A new insight into functions of arachidonic acid and docosahexaenoic acid using Fads2-null mice

Abstract

In mammals, arachidonic acid (ARA) and docosahexaenoic acid (DHA) play important physiological roles as precursors of eicosanoids and docosanoids, respectively. However, a full scope of the function of these fatty acids is yet to be elucidated. A major obstacle is endogenous synthesis of ARA and DHA from precursors. It is not possible to create ARA deficiency by dietary manipulation without depleting linoleic acid, which is an essential component of skin ceramides. Also, DHA deficiency cannot be created without a compensatory increase in 22:5 n-6. To overcome these obstacles, mice lacking the Fads2 gene that encodes the first step of ARA and DHA synthesis were created. When Fads2-null mice were fed a diet lacking ARA and DHA but containing sufficient linoleic and alpha-linolenic acid, they exhibited previously undocumented phenotypes.

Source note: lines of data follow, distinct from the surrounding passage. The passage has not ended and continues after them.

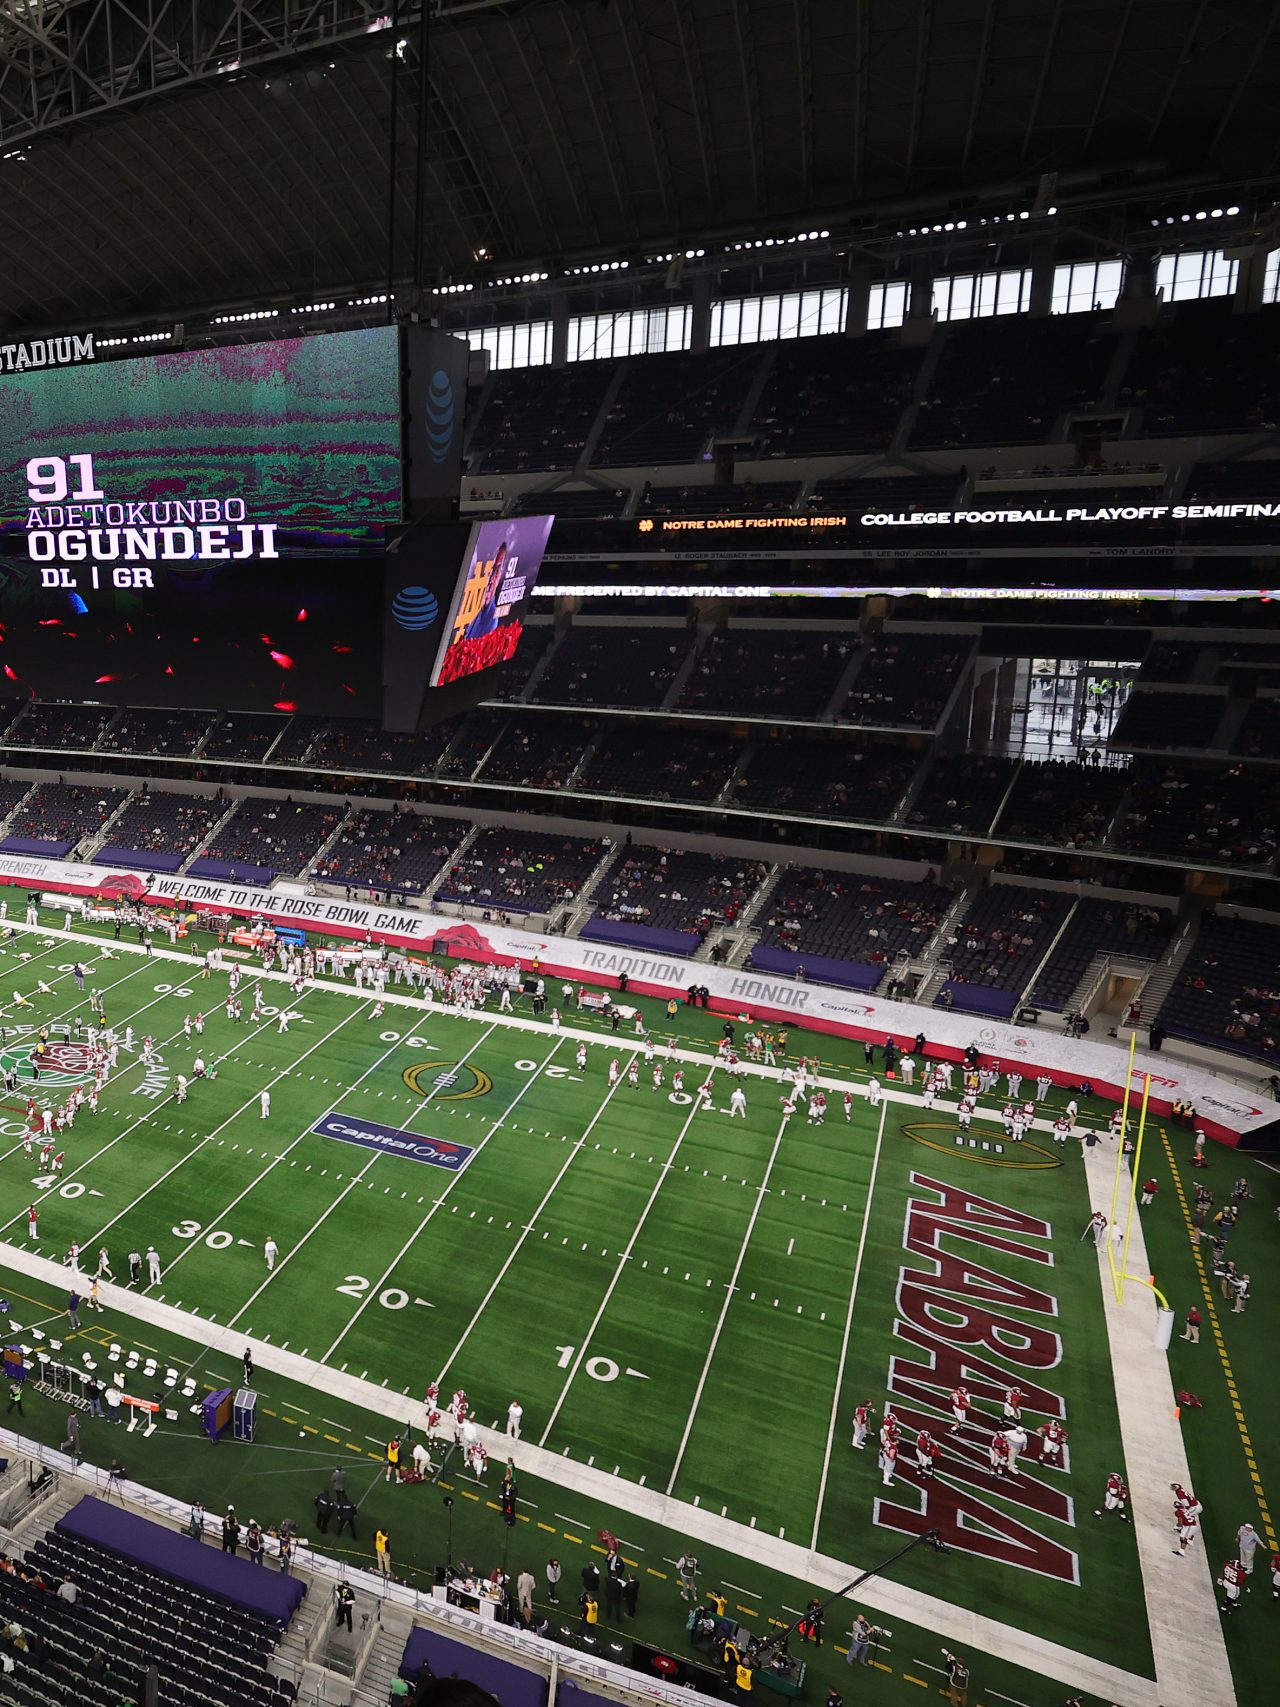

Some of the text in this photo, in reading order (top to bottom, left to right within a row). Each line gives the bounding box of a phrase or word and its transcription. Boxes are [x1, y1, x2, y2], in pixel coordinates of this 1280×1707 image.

[25, 453, 104, 503] 91
[25, 498, 246, 529] ADETOKUNBO
[663, 516, 846, 530] NOTRE DAME FIGHTING IRISH
[860, 511, 950, 526] COLLEGE
[954, 509, 1062, 523] FOOTBALL
[1066, 506, 1169, 521] PLAYOFF
[28, 524, 279, 562] OGUNDEJI
[41, 566, 154, 588] DL GR
[505, 556, 519, 578] 91
[560, 586, 642, 597] PRESENTED
[644, 586, 664, 597] BY
[667, 586, 735, 597] CAPITAL
[737, 586, 771, 597] ONE
[951, 589, 1139, 600] NOTRE DAME FIGHTING IRISH
[157, 880, 423, 935] WELCOME TO THE ROSE BOWL GAME
[581, 949, 686, 983] TRADITION
[153, 983, 195, 998] 50
[730, 977, 809, 1009] HONOR
[379, 1030, 428, 1047] 30
[514, 1059, 569, 1079] 20
[1202, 1095, 1240, 1114] Capital
[326, 1122, 459, 1164] Capital One
[30, 1173, 87, 1200] 40
[170, 1219, 234, 1250] 30
[335, 1275, 410, 1310] 20
[553, 1345, 620, 1381] 10
[872, 1170, 1081, 1588] ALABAMA
[1224, 1565, 1238, 1583] 95
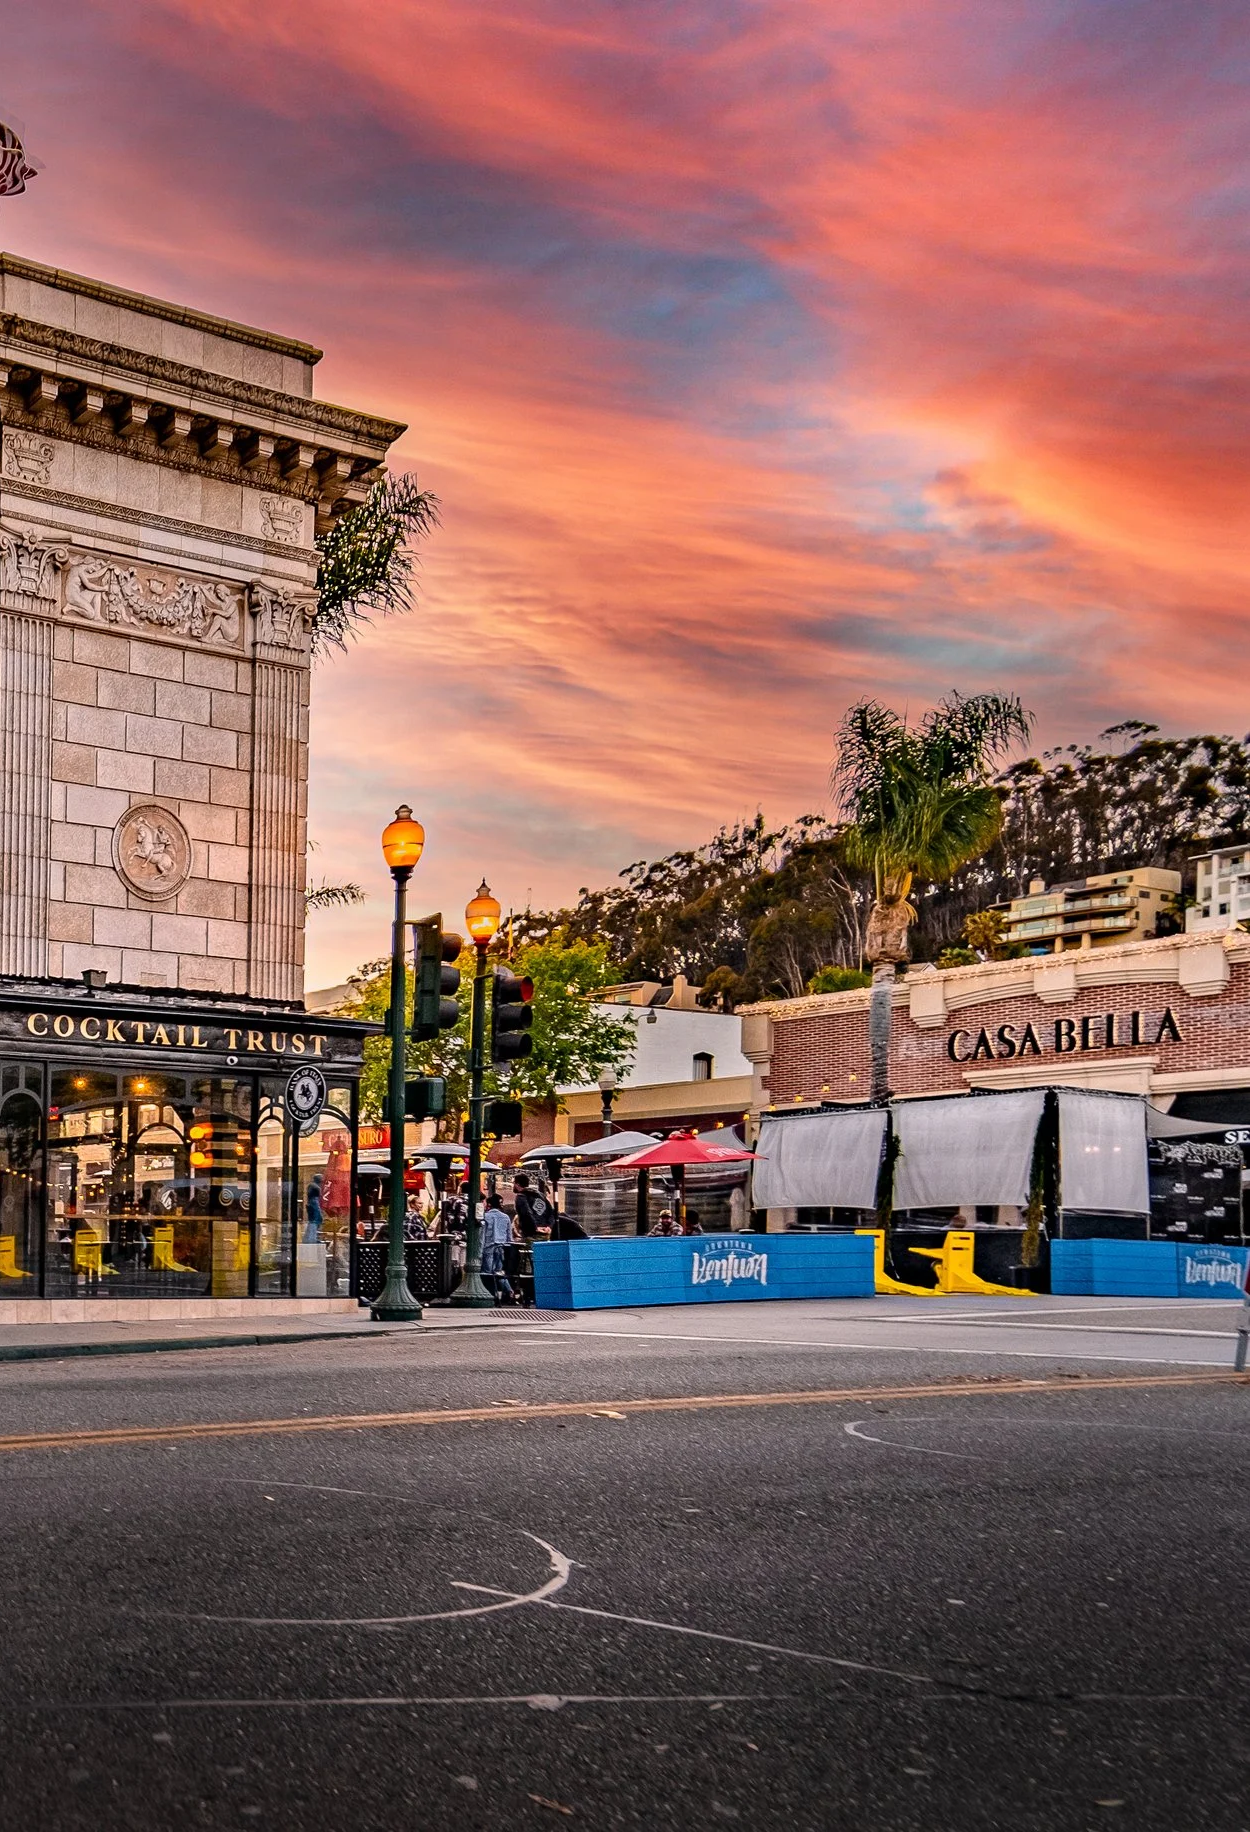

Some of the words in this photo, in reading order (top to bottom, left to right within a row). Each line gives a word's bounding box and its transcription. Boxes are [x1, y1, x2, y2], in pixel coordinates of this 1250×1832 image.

[27, 1012, 209, 1049] COCKTAIL
[224, 1028, 329, 1057] TRUST
[947, 1022, 1042, 1063] CASA
[1054, 1007, 1183, 1053] BELLA
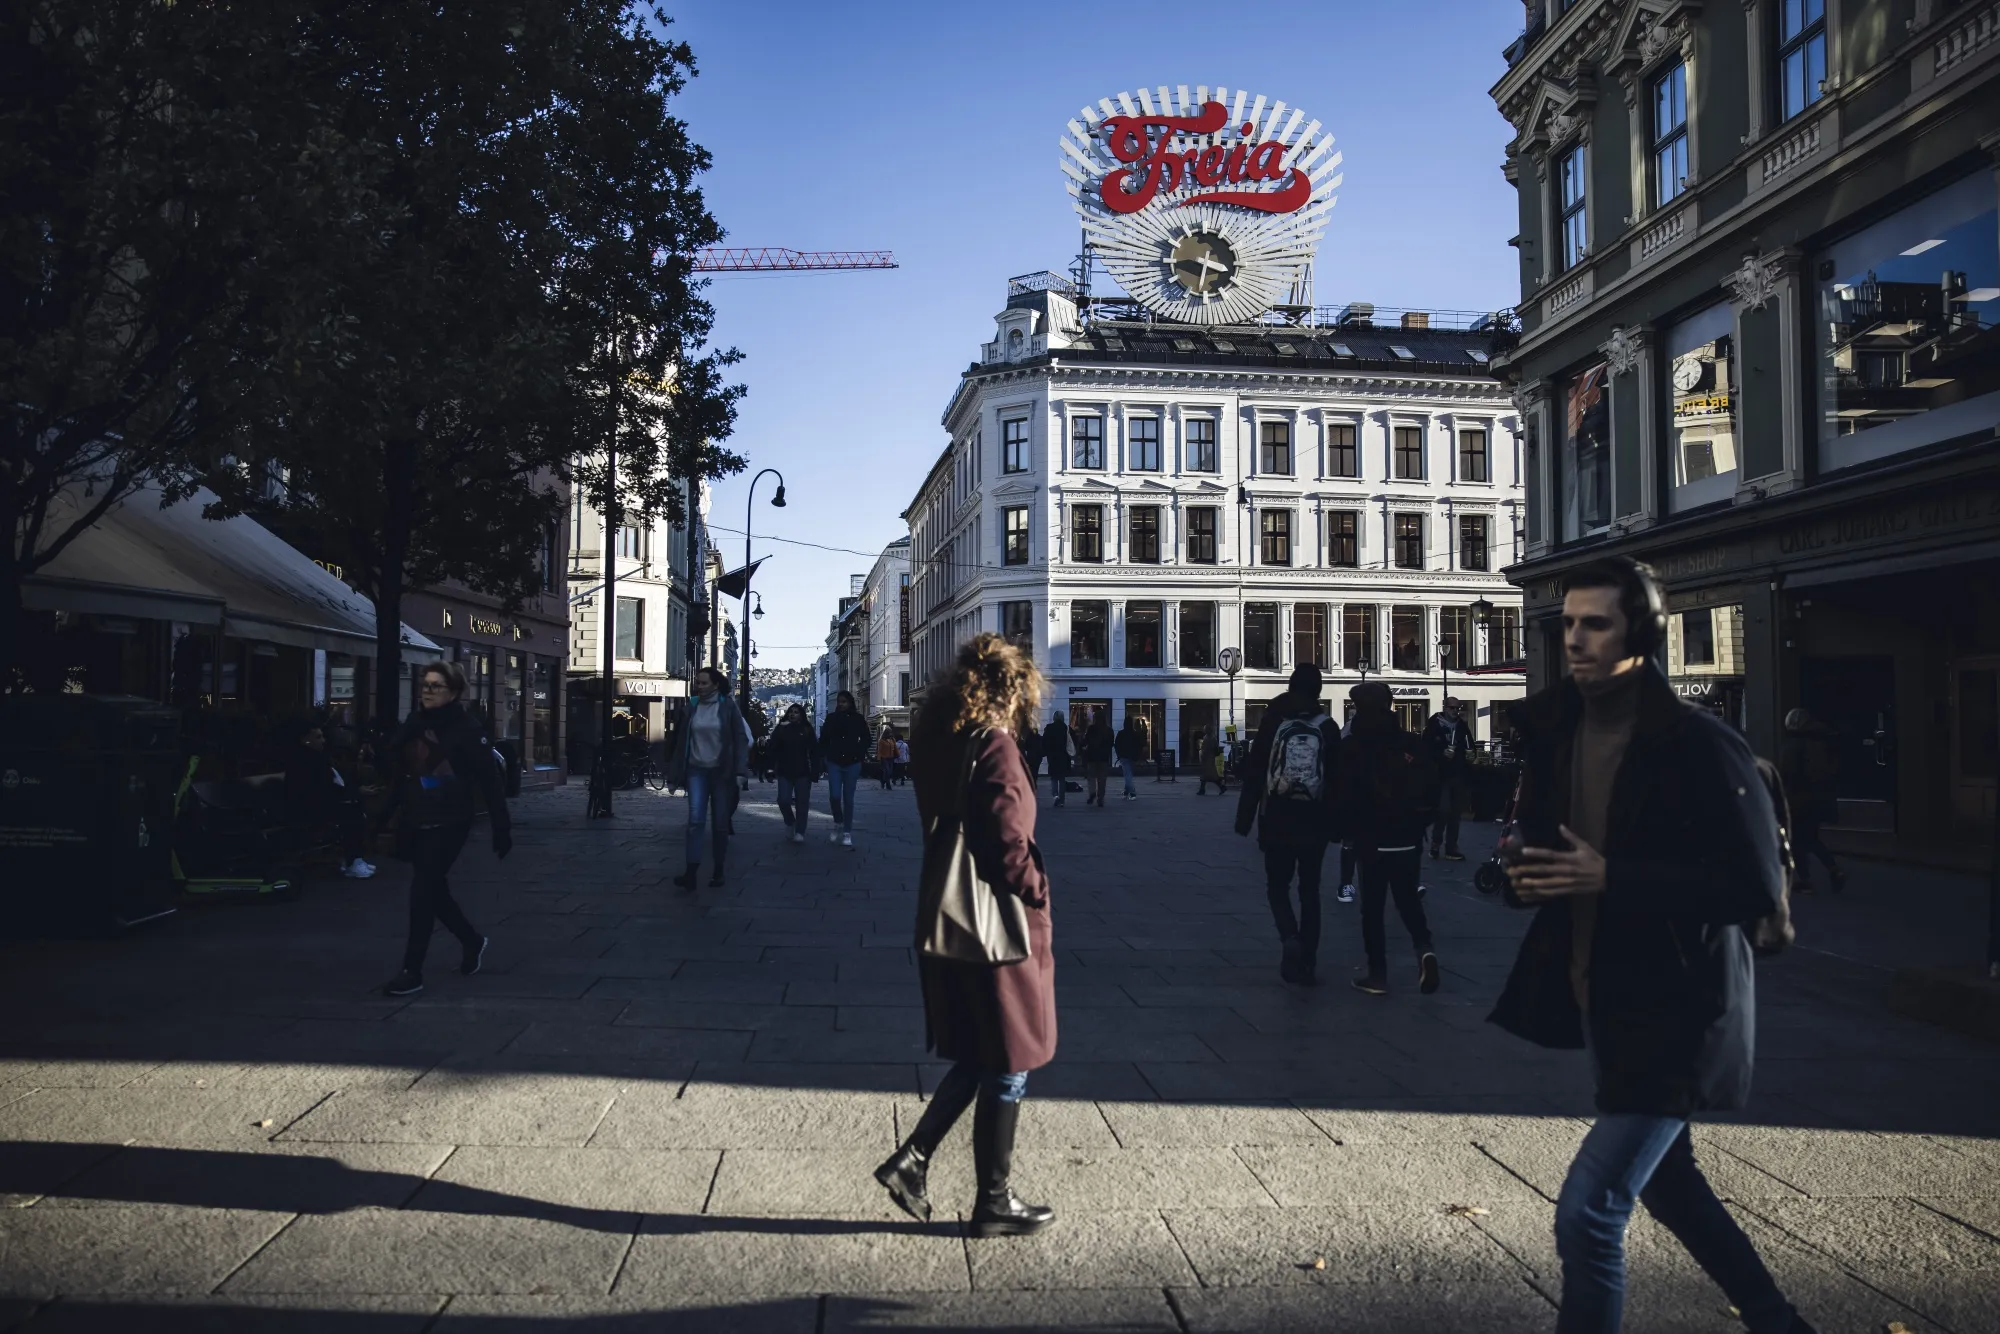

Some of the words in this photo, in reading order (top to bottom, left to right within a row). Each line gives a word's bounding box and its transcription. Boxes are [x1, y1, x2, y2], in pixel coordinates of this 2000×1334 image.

[1100, 101, 1311, 214] Freia
[1779, 523, 1825, 554] CARL
[1688, 547, 1727, 574] SHOP
[625, 681, 660, 694] VOLT
[1390, 687, 1430, 696] ZARA

The Fads2-null mice developed ulcerative dermatitis after 4 months of age, which was distinct from dry, scaly dermatitis observed in classic linoleic acid deficiency. Fads2-null males exhibited complete arrest of sperm development at the stage of acrosome biogenesis. Intestinal ulcer was observed at duodenum and the ileo-cecal junction. In liver, lipid droplets were primarily localized in a periportal area. Dietary ARA prevented dermatitis and intestinal ulcer, whereas dietary DHA was ineffective. The male fertility and sperm formation were fully recovered by dietary DHA, whereas ARA was only partially effective. Either ARA or DHA supplementation prevented fatty liver. Although some of these phenotypes are likely due to reduced eicosanoid formation, the exact mechanism is yet to be elucidated.